The centenarians I’ve investigated seem to have had an instinctive abilityto discern early in life which lessons from their cultural editors they must deeply question and ultimately defy. In fact, although some centenarians I have met had horrendous cultural editors, they were always able to recall someone who, however briefly, stepped into their misery to offer them a gift of love.
What is the lesson here for those seeking how to live to 100 or longer? To realize, independent of the hell we may have gone through, that deep in our memories there are forgotten gifts of random kindness that we neglected to assimilate. Finding those forgotten gifts can be an impetus for resilience.
A patient I was treating for post-traumatic stress disorder could not recall a single act of kindness from her past. After she related her childhood memories, it was not difficult to understand why she was stuck in her infernal present. Her father had sexually abused her from the age of five until she ran away from home at fifteen. When other children were happily anticipating arriving home from school to a cozy environment, my patient was trying to figure out how to avoid her despicable father’s sexual abuse. I could not get a single pleasant memory out of her.
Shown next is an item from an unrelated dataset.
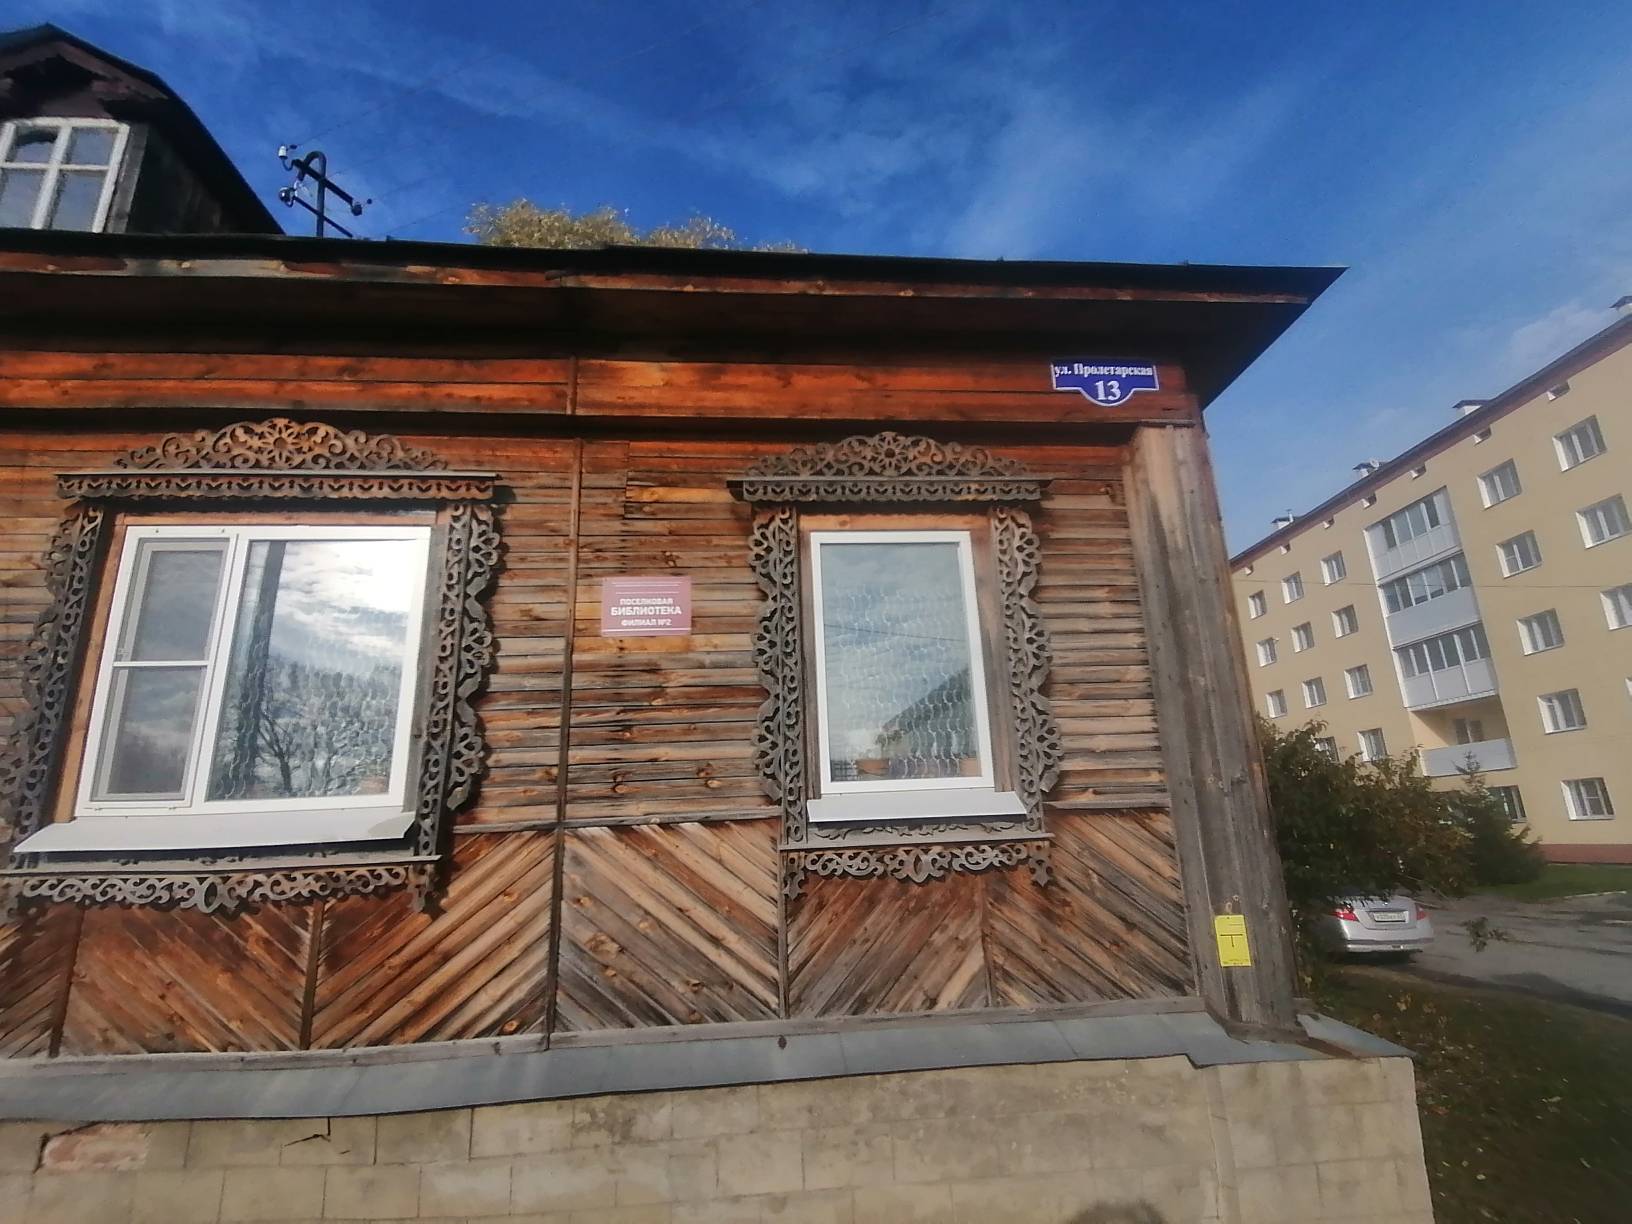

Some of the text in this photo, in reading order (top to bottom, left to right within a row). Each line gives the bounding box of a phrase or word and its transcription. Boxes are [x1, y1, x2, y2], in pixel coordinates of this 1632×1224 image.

[1055, 363, 1153, 378] ул. Пролетарская
[1094, 380, 1121, 401] 13
[611, 606, 682, 616] БИБЛИОТЕКА
After weeks of practicing a contemplative technique I taught her, she was able to identify an act of kindness in her life. One cold and snowy afternoon, she was walking home from school with her usual apprehension, and an elderly lady who lived a few houses away signaled her to approach. The kind woman asked her to come in from the snow and offered her freshly baked cookies and hot chocolate! I will admit that when my patient finished her story, I defied a stupid rule prohibiting psychologists from touching their patients. I held her in my arms, and we both cried. It was soon after that act of kindness that my patient ran away from home.
What does this compelling story have to do with centenarians and their longevity? It encapsulates the essence of healthy defiance. Before we can righteously defy, we have to feel worthy of defying. And when we defy malevolence, we can find our freedom. Centenarians instinctively know that such random acts of kindness form the foundation of their resilience and their ability to live well past 100. Independent of their emotional storms, they can always recall memories of compassion from their past.
Centenarian Mindfulness: The Role of the Mind in Longevity
Resilience, perseverance, creativity, and flexibility are all attributes I have found in every healthy centenarian I have studied, in cultures spanning five continents. Fortunately, we can learn all of these attributes without relying on our genetic endowment or family history. There are no genes we can isolate to identify the centenarian mind, but we can learn the characteristics that contribute to longevity if we shift our own mindset from one of passing time to one of engaging space. What do I mean by this existential challenge? We need to snap out of our hypnotic concept of time in which things happen to us in sequence, and instead be mindful of how we can happen in our space without assigning a sequence. I will clarify with a few examples from those living to 100 or older.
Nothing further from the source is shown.